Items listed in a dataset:

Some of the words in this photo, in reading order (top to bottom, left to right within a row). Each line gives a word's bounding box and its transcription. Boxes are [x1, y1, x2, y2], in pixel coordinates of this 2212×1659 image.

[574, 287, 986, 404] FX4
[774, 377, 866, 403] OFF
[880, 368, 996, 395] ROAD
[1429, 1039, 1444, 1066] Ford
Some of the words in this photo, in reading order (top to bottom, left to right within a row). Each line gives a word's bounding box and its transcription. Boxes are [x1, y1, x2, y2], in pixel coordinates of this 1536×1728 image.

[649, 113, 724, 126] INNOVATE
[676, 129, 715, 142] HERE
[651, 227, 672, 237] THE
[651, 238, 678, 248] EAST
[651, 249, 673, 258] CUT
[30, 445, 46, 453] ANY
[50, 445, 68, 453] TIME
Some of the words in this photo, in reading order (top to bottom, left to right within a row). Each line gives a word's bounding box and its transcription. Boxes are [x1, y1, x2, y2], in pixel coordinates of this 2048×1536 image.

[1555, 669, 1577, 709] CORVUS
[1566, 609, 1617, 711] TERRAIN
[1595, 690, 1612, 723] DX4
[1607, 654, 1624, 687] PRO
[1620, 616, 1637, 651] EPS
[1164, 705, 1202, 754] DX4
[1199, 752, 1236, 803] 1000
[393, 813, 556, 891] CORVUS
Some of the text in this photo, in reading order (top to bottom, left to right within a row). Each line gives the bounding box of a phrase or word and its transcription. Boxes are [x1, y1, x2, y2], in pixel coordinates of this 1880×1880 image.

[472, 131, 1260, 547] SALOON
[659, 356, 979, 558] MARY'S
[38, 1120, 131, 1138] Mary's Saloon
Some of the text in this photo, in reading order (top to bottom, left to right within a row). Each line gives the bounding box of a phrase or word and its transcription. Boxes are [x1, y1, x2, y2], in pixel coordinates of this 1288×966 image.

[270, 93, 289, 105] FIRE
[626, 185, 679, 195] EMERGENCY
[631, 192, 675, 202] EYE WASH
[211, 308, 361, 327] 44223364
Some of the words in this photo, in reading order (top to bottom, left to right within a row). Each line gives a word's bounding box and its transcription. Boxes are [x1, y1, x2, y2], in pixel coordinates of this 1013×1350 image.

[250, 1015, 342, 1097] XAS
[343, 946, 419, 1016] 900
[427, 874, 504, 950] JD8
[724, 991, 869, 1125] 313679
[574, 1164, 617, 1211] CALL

◆ **Problem to solve**
Write every record above out again exactly as it stands.

◆ **Output**
Some of the words in this photo, in reading order (top to bottom, left to right within a row). Each line gives a word's bounding box and its transcription. Boxes are [x1, y1, x2, y2], in pixel coordinates of this 2212×1659 image.

[574, 287, 986, 404] FX4
[774, 377, 866, 403] OFF
[880, 368, 996, 395] ROAD
[1429, 1039, 1444, 1066] Ford
Some of the words in this photo, in reading order (top to bottom, left to right within a row). Each line gives a word's bounding box and its transcription. Boxes are [x1, y1, x2, y2], in pixel coordinates of this 1536×1728 image.

[649, 113, 724, 126] INNOVATE
[676, 129, 715, 142] HERE
[651, 227, 672, 237] THE
[651, 238, 678, 248] EAST
[651, 249, 673, 258] CUT
[30, 445, 46, 453] ANY
[50, 445, 68, 453] TIME
Some of the words in this photo, in reading order (top to bottom, left to right within a row). Each line gives a word's bounding box and its transcription. Boxes are [x1, y1, x2, y2], in pixel coordinates of this 2048×1536 image.

[1555, 669, 1577, 709] CORVUS
[1566, 609, 1617, 711] TERRAIN
[1595, 690, 1612, 723] DX4
[1607, 654, 1624, 687] PRO
[1620, 616, 1637, 651] EPS
[1164, 705, 1202, 754] DX4
[1199, 752, 1236, 803] 1000
[393, 813, 556, 891] CORVUS
Some of the text in this photo, in reading order (top to bottom, left to right within a row). Each line gives the bounding box of a phrase or word and its transcription. Boxes are [x1, y1, x2, y2], in pixel coordinates of this 1880×1880 image.

[472, 131, 1260, 547] SALOON
[659, 356, 979, 558] MARY'S
[38, 1120, 131, 1138] Mary's Saloon
Some of the text in this photo, in reading order (top to bottom, left to right within a row). Each line gives the bounding box of a phrase or word and its transcription. Boxes are [x1, y1, x2, y2], in pixel coordinates of this 1288×966 image.

[270, 93, 289, 105] FIRE
[626, 185, 679, 195] EMERGENCY
[631, 192, 675, 202] EYE WASH
[211, 308, 361, 327] 44223364
Some of the words in this photo, in reading order (top to bottom, left to right within a row). Each line gives a word's bounding box and its transcription. Boxes are [x1, y1, x2, y2], in pixel coordinates of this 1013×1350 image.

[250, 1015, 342, 1097] XAS
[343, 946, 419, 1016] 900
[427, 874, 504, 950] JD8
[724, 991, 869, 1125] 313679
[574, 1164, 617, 1211] CALL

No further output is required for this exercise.